Figure 2: 10% Denaturing SDS-PAGE of SpLA-LG-HRP conjugate (lanes 1-2) about 30 kDa and SpLAG-anti-IgY-HRP conjugate (lanes 3-4) that was denatured by heat and protein bands are very faint. Lane 5 is the MW marker.

Figure 3: Denaturing SDS-PAGE and immunoblot analysis of chimeric conjugates: lane 1 MW marker, lane 2 SpLA-HRP (Sigma), lane 3 SpLAHRP (homemade), lane 4 SpLG-HRP (homemade), lane 5 SpG-HRP (home made), lane 6 SpAG-HRP (homemade), lane 7 SpLA-LG-HRP and lane 8 SpLAG-HRP (homemade). Immunoblot analysis showed that all chimeric conjugates reacted with human serum immunoglobulins and it also confirmed their polymeric nature.

Figure 4: The 10% non-denaturing SDS-PAGE of sera and purified immunoglobulins (IgGs). Lane 1 MW marker, lane 2 mule serum, lane 3 mule IgG, lane 4 donkey serum, lane 5 donkey IgG, lane 6 horse serum, lane 7 horse IgG, lane 8 dog serum, lane 9 dog IgG, lane 10 skunk serum, lane 11 skunk IgG, lane 12 coyote serum, lane 13 coyote IgG, lane 14 raccoon serum and lane 15 raccoon IgG. A commercially prepared protein-A antibody purification kit (Sigma-Aldrich Co, St. Louis Missouri) based on affinity chromatography was used to purified IgG molecules from the above different mammalian sera. The purified mammalian IgG had a MW of approximately 150 kDa.

Potential uses of the conjugates include epidemiological surveys of infectious diseases affecting poultry and mammals aiding in the selection of healthy animals for human consumption and enhancement of this industry. For example, conjugates used as a tool in ELISAs could be used in the diagnosis of avian and mammalian diseases or zoonotic diseases affecting both animals and humans.
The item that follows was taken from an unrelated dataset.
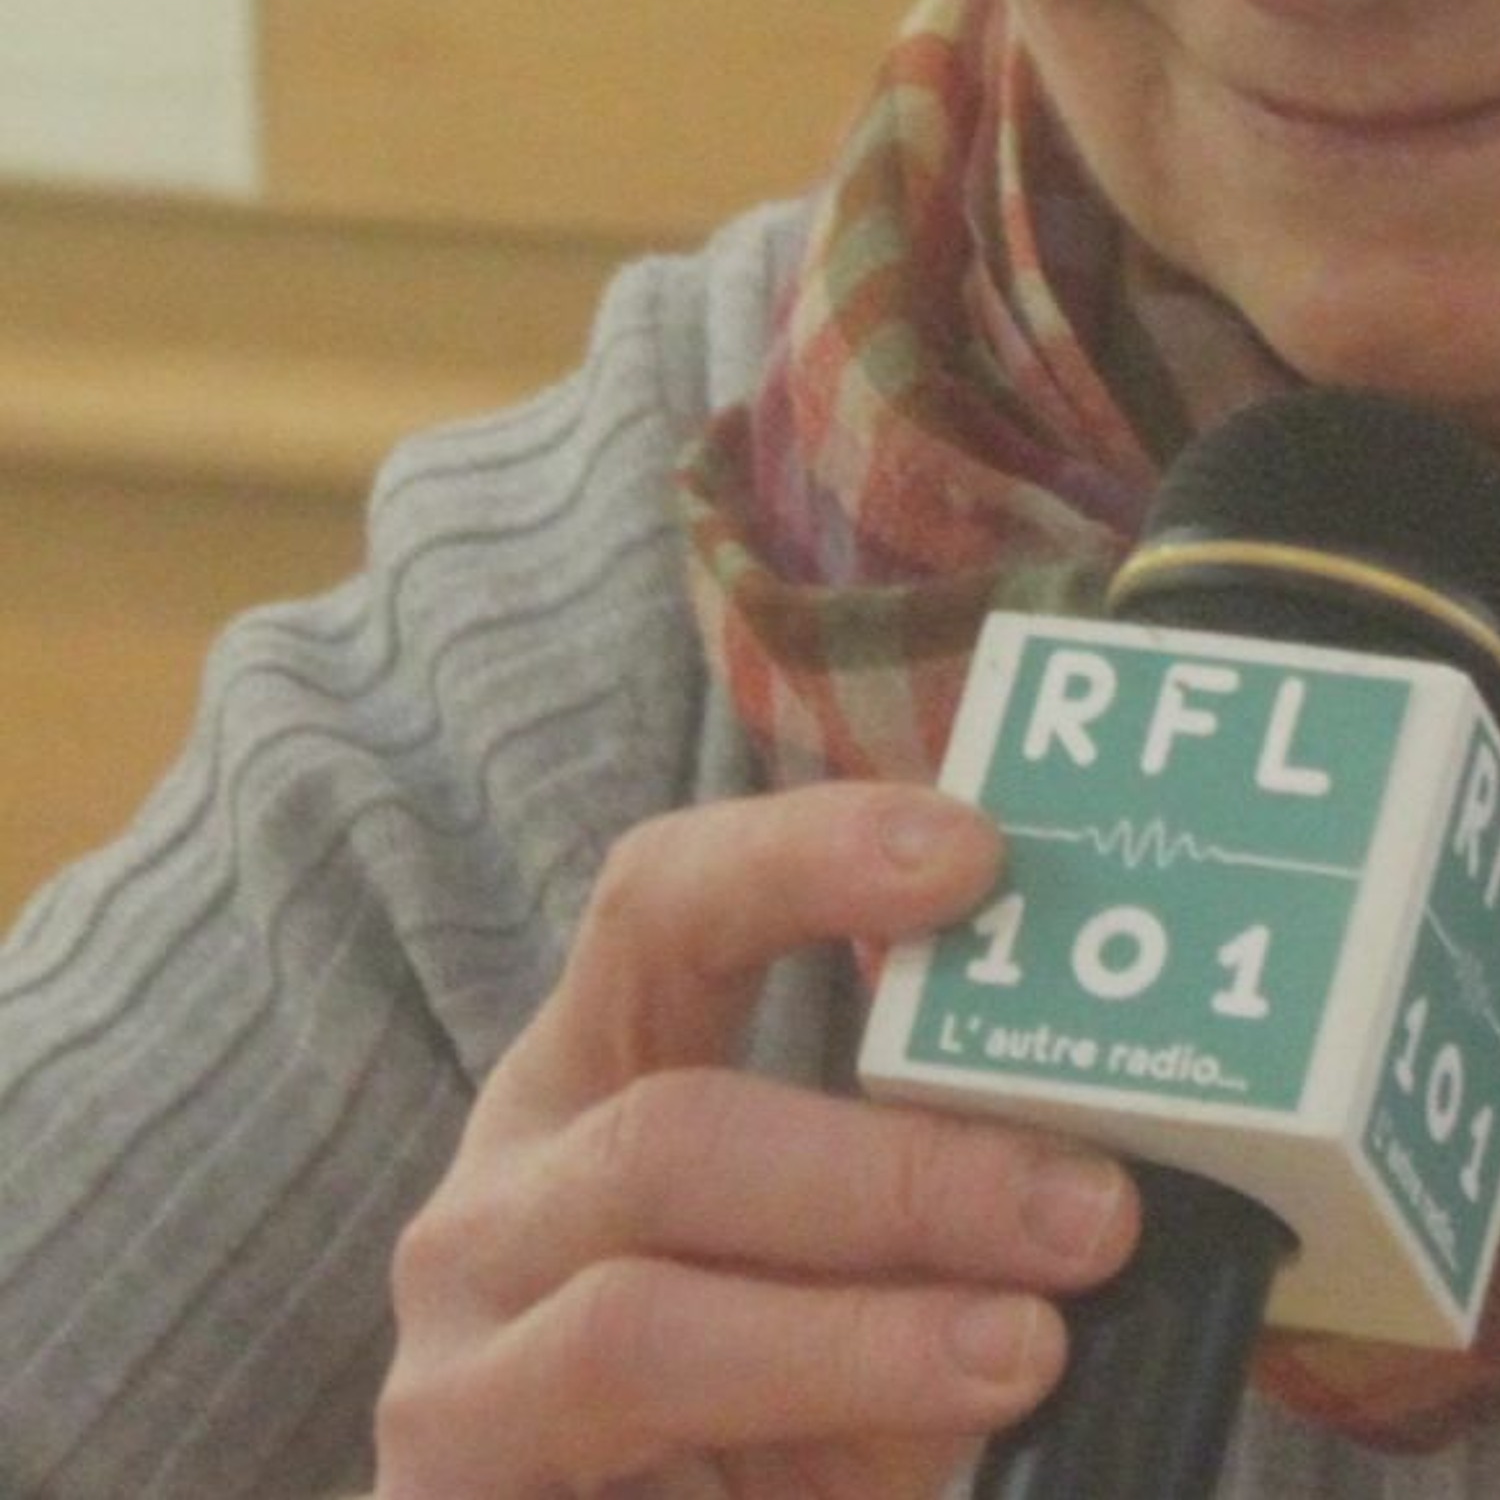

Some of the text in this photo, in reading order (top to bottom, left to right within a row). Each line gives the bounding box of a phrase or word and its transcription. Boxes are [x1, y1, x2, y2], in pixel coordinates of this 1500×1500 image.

Conjugates including SpLA–HRP, SpLG–HRP, SpAG–HRP, SpLAG–HRP, SpLA–LG–HRP and SpLAG–anti–IgY–HRP proved to be efficient binding reagents having the capacities to react with human serum immunoglobulins. The periodate method was efficient in the successful preparation of the peroxidase–bacterial protein conjugates. Although the SDS–PAGE analyses of the conjugates showed the presence of horseradish peroxidase excess, it did not affect the sensitivity of the immunoblot analysis as the HRP is washed away in the washing procedures, where conjugates were tested. In future work for optimizing the preparation of these products, different molar concentrations of the enzyme and the bacterial Ig–receptors should be tested. The enzyme–protein ratio of 1:1 used here allowed the formation of stable compounds and did not affect the binding of the different conjugates to antibodies and substrates.

I conclude that the periodate method was effective to producing chimeric conjugates of peroxidase–labelled immunoglobulin–binding proteins and the immunoblot analysis showed that they were funtional and effective in reacting with human serum immunoglobulins.